Papa in aereo: no a “balcanizzazione” dell’Europa, sì a “una Chiesa che chiede scusa ai gay”
Ampio colloquio di Francesco con la stampa di ritorno dall’Armenia: dalla questione del genocidio a quella delle diaconesse, dalla scarsa creatività europea alle intenzioni “non sbagliate” di Lutero. Fino a Brexit e al rapporto con Benedetto XVI: “Un nonno saggio, ma di Papa ce n’è uno solo”

Viaggio Papa in Armenia
PHOTO.VA - OSSERVATORE ROMANO
Il fatidico “chi sono io per giudicare” riferito alla posizione della Chiesa sulle persone omosessuali, che tanto scalpore aveva creato nella sua prima aereo-intervista da Rio de Janeiro, ritorna a sorpresa nel lungo colloquio che Papa Bergoglio concede ai circa 70 giornalisti che lo hanno accompagnato nel viaggio in Armenia. Colloquio variegato e ricco di spunti, durante il quale, oltre a rispondere a domande su temi prevedibili come Brexit, il genocidio armeno e il Concilio pan-ortodosso, il Papa affronta anche la spinosa questione dell’atteggiamento della Chiesa nei confronti degli omosessuali.
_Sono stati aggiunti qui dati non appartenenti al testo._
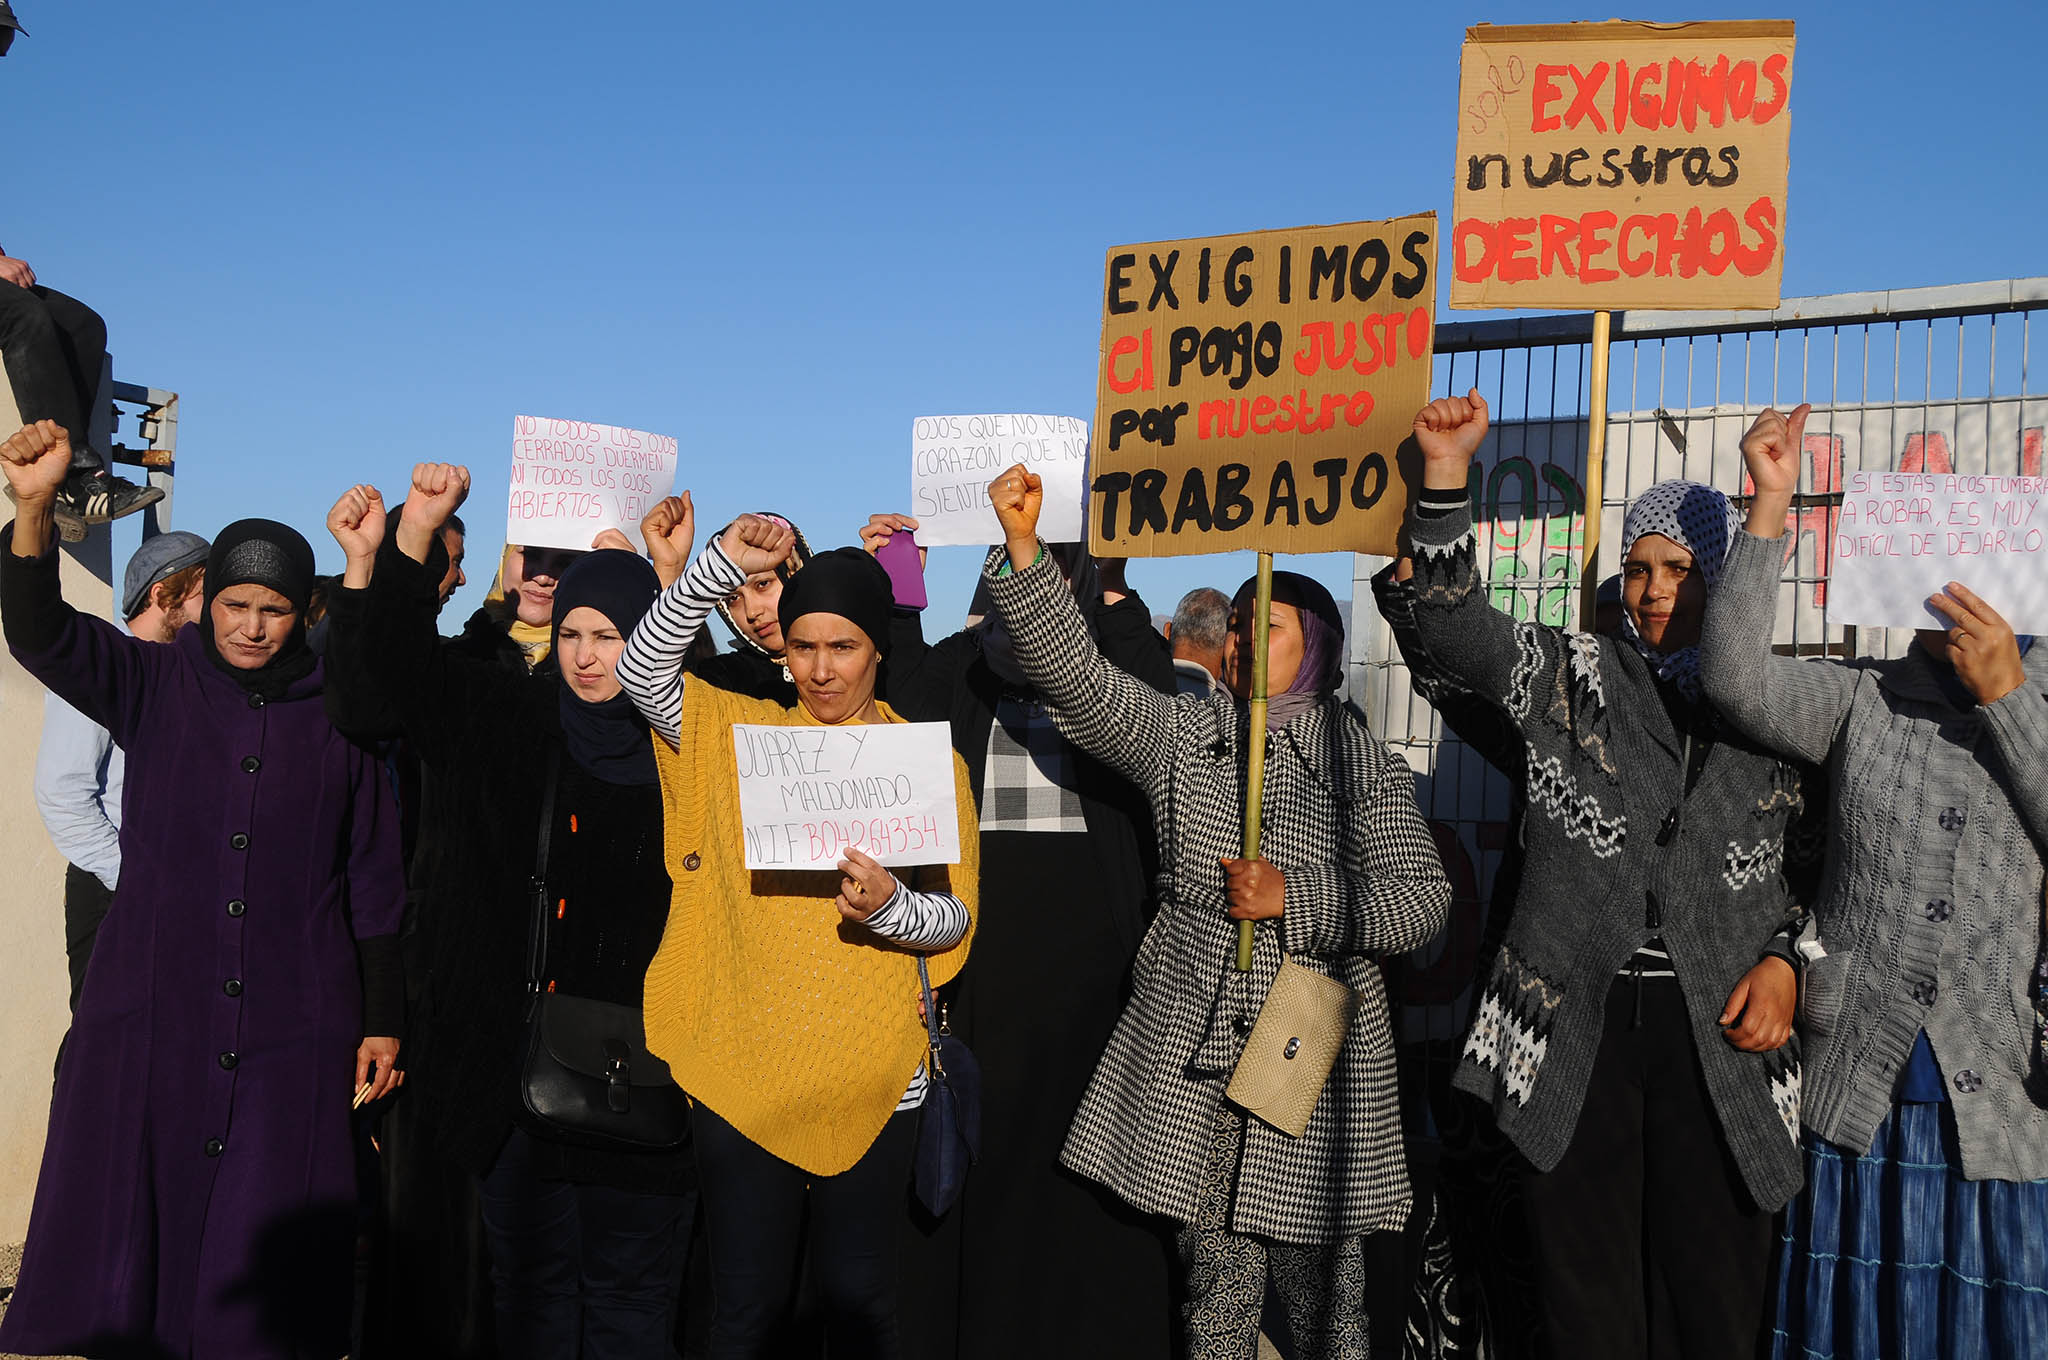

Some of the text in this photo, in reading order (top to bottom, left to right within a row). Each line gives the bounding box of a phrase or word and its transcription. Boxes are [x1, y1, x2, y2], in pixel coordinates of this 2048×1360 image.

[1530, 53, 1788, 135] EXIGIMOS
[1466, 144, 1740, 191] nuestros
[1453, 196, 1778, 284] DERECHOS
[1107, 230, 1430, 315] EXIGIMOS
[1106, 306, 1430, 394] el pago JUSTO
[515, 415, 677, 455] NO TODOS LOS OJOS
[916, 414, 1080, 440] OJOS QUE NO VEN
[1108, 388, 1375, 451] por nuestro
[513, 438, 595, 465] CERRADOS
[1011, 438, 1056, 466] QUE
[1063, 437, 1086, 461] NO
[511, 463, 652, 495] NI TODOS LOS OJOS
[1090, 452, 1389, 542] TRABAJO
[1882, 474, 1936, 493] ESTAS
[509, 490, 646, 522] ABIERTOS VEN
[1841, 501, 1857, 525] A
[1947, 501, 1980, 526] ES
[1991, 499, 2038, 527] MUY
[1909, 533, 1937, 557] DE
[735, 726, 868, 778] JUAREZ Y
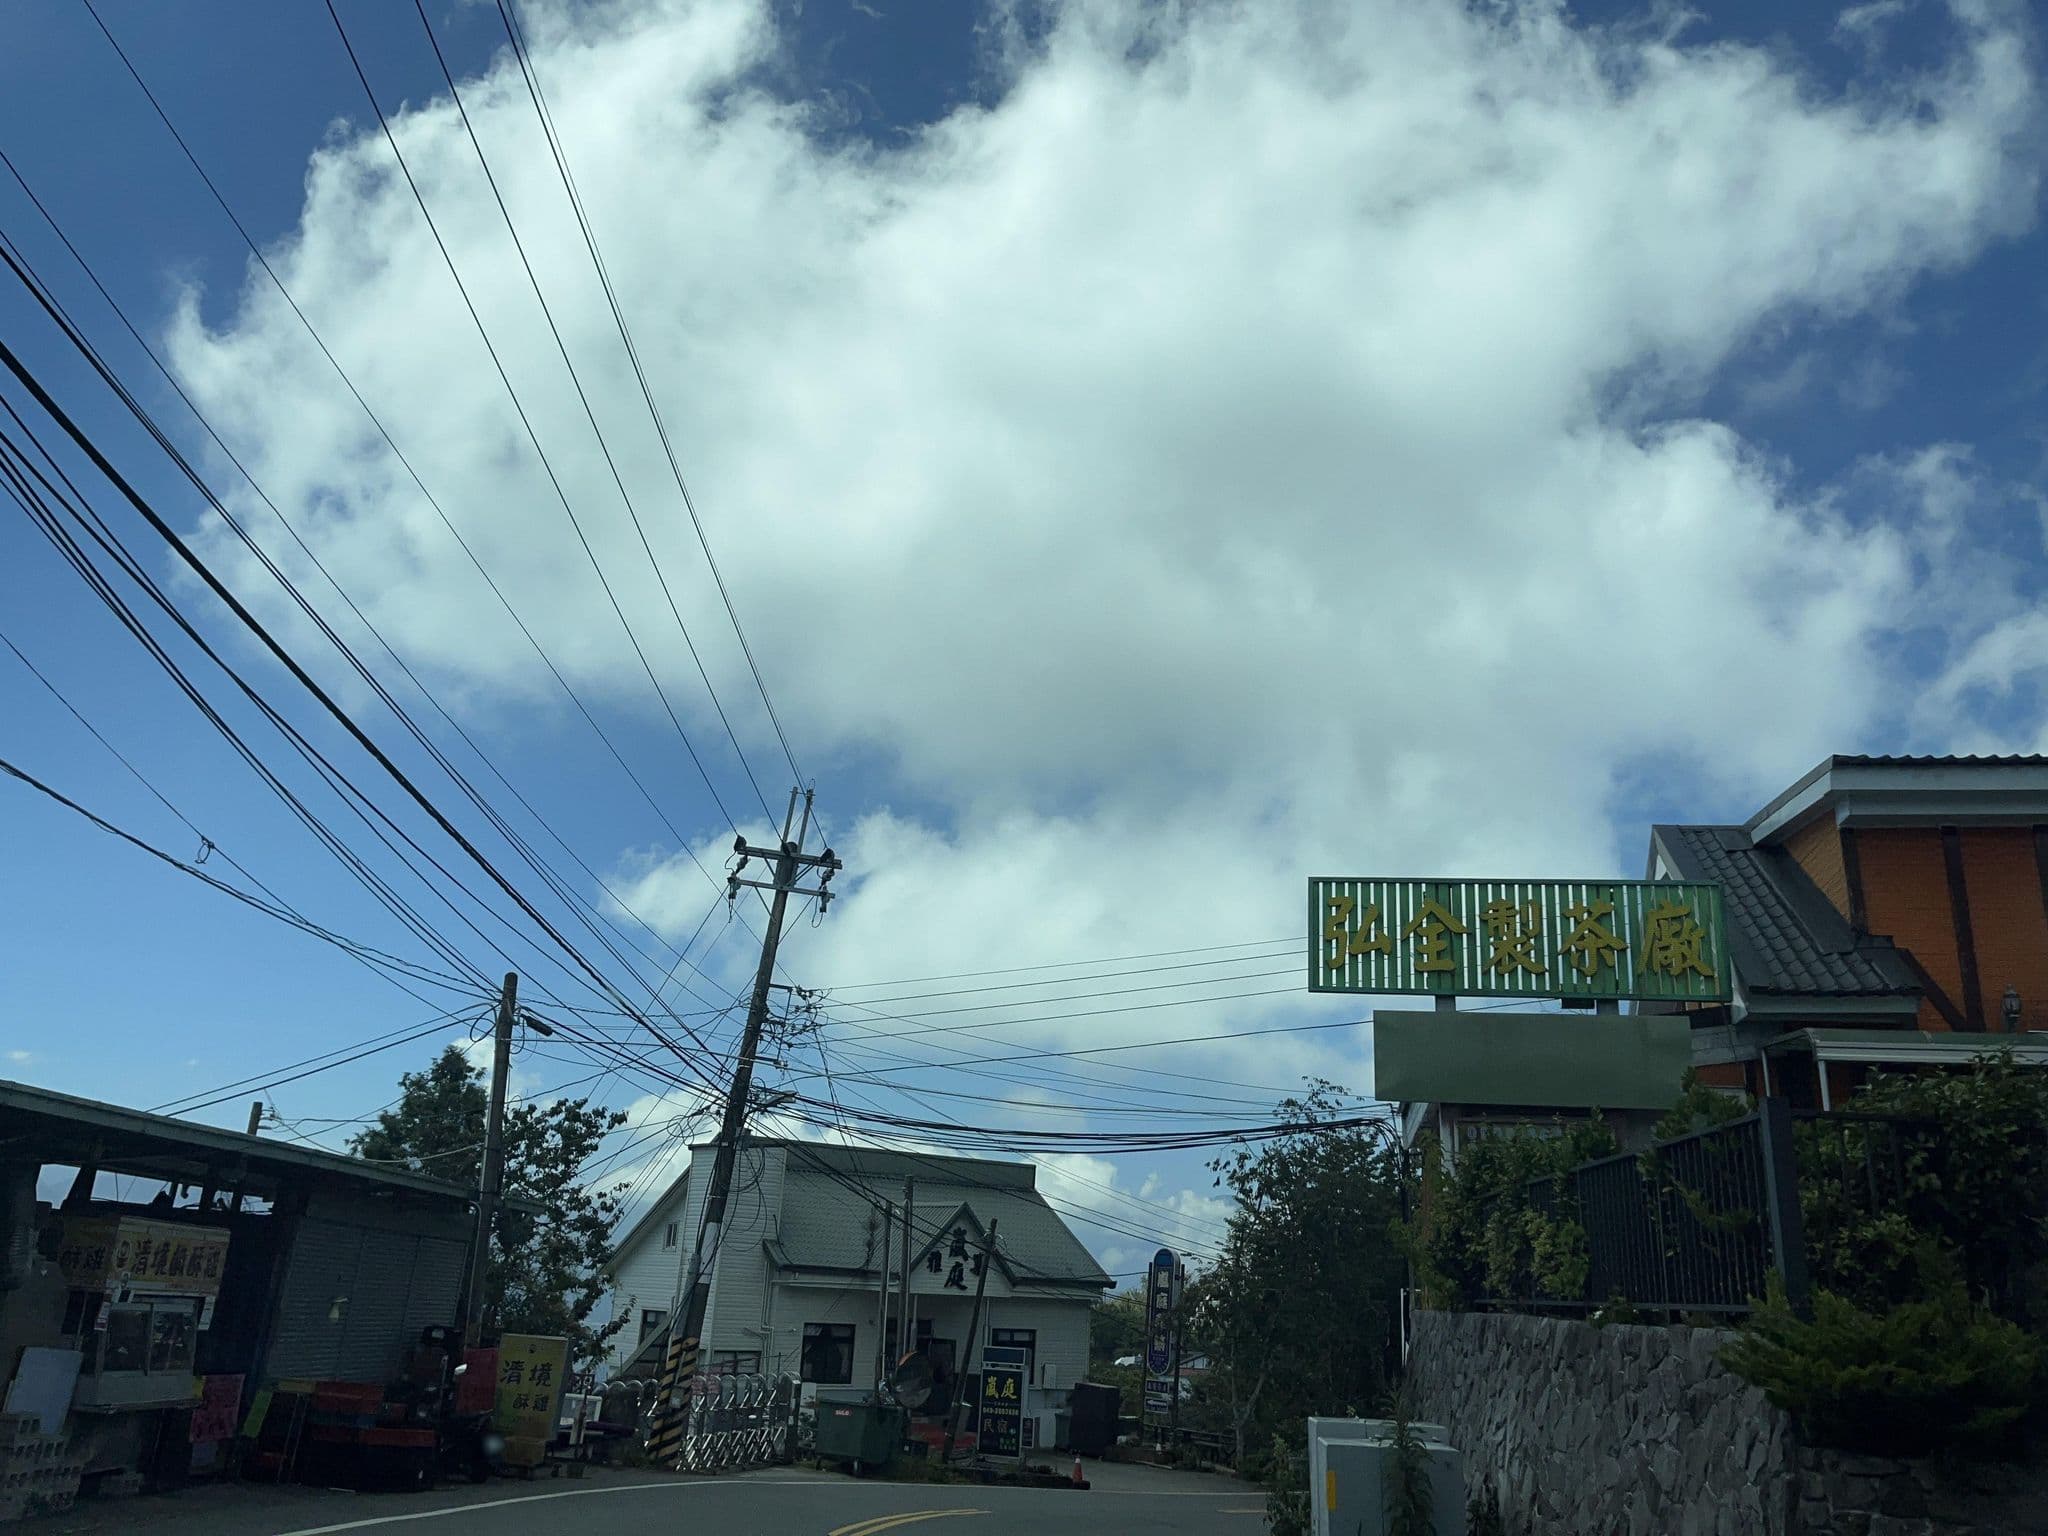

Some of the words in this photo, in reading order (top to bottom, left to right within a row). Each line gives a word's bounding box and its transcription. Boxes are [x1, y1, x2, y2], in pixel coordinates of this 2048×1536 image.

[1326, 895, 1714, 978] 弘全製茶廠
[500, 1360, 553, 1387] 清境
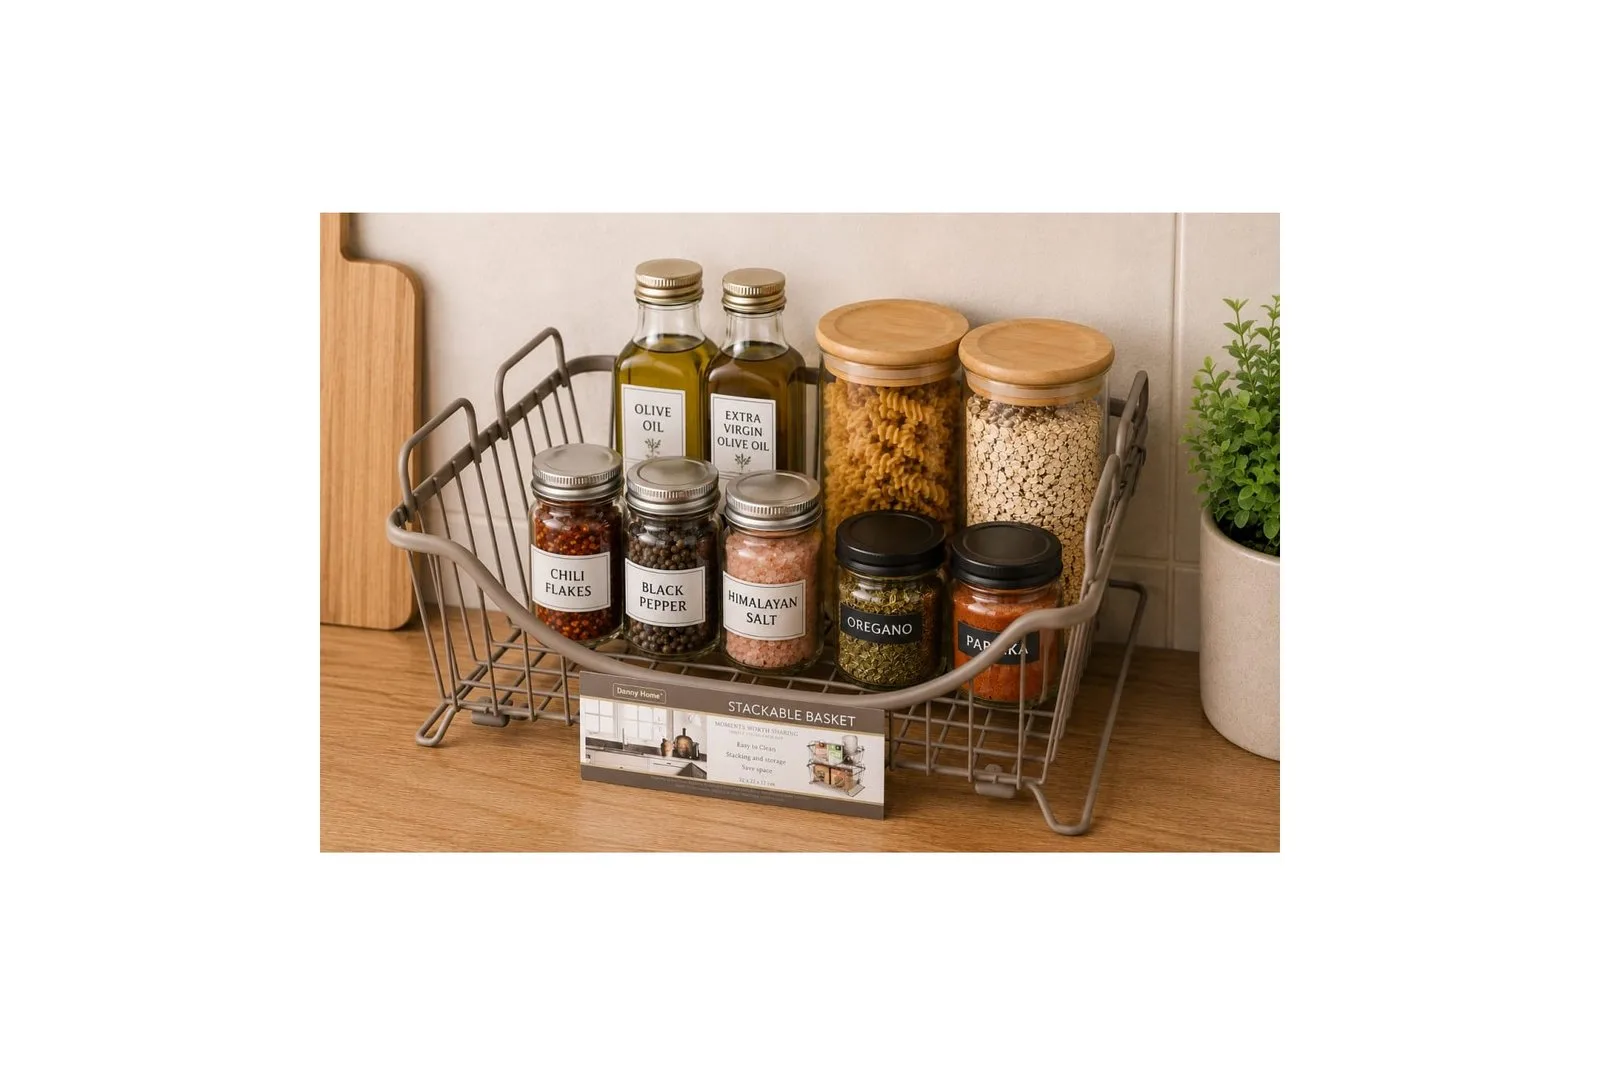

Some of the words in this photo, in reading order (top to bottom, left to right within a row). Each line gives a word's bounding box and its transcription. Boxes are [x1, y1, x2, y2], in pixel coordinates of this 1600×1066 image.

Chiesa chieda scusa ai gay per emarginazione. Ma anche a poveri e donne e bambini sfruttati…
L’input sono le recenti dichiarazioni del card. Marx che, all’indomani della strage di Orlando, aveva affermato che la Chiesa cattolica deve chiedere scusa alla comunità gay per aver marginalizzato queste persone. Francesco replica ripetendo il Catechismo: “Queste persone non vanno discriminate, devono essere rispettate e accompagnate pastoralmente”. “Si possono condannare, non per motivi ideologici, ma per motivi di comportamento politico, certe manifestazioni troppo offensive per gli altri. Ma queste cose non c’entrano, il problema è una persona che ha quella condizione, che ha buona volontà e che cerca Dio”. Quindi, di nuovo il Papa ribadisce: “Chi siamo noi per giudicare? Dobbiamo accompagnare bene… Io credo che la Chiesa, o meglio i cristiani perché la Chiesa è santa, non solo devono chiedere scusa come ha detto quel cardinale ‘marxista’, ma devono chiedere scusa anche ai poveri, alle donne e ai bambini sfruttati, devono chiedere scusa di aver benedetto tante armi, di non aver accompagnato tante famiglie. Perdono Signore, è infatti una parola che dimentichiamo”.
No “preti padroni”, ma “preti padri”. Santità ha pudore, spudoratezza è sfacciata
Da dimenticare è anche la figura del “prete ‘padrone’” che “bastona”, per lasciare invece il posto a quella del “prete padre” che “abbraccia e perdona”. Ce ne sono tanti di questi santi preti, constata il Papa: i cappellani negli ospedali e nelle carceri, ad esempio, “ma questi non si vedono, perché la santità ha pudore. Invece la spudoratezza è sfacciata e si fa vedere. Tante organizzazioni, con gente buona e gente non tanto buona. Noi cristiani abbiamo anche tante Terese di Calcutta… Non dobbiamo scandalizzarci, questa è la vita della Chiesa. Tutti noi siamo santi perché abbiamo lo Spirito Santo ma siamo tutti peccatori, io per primo”.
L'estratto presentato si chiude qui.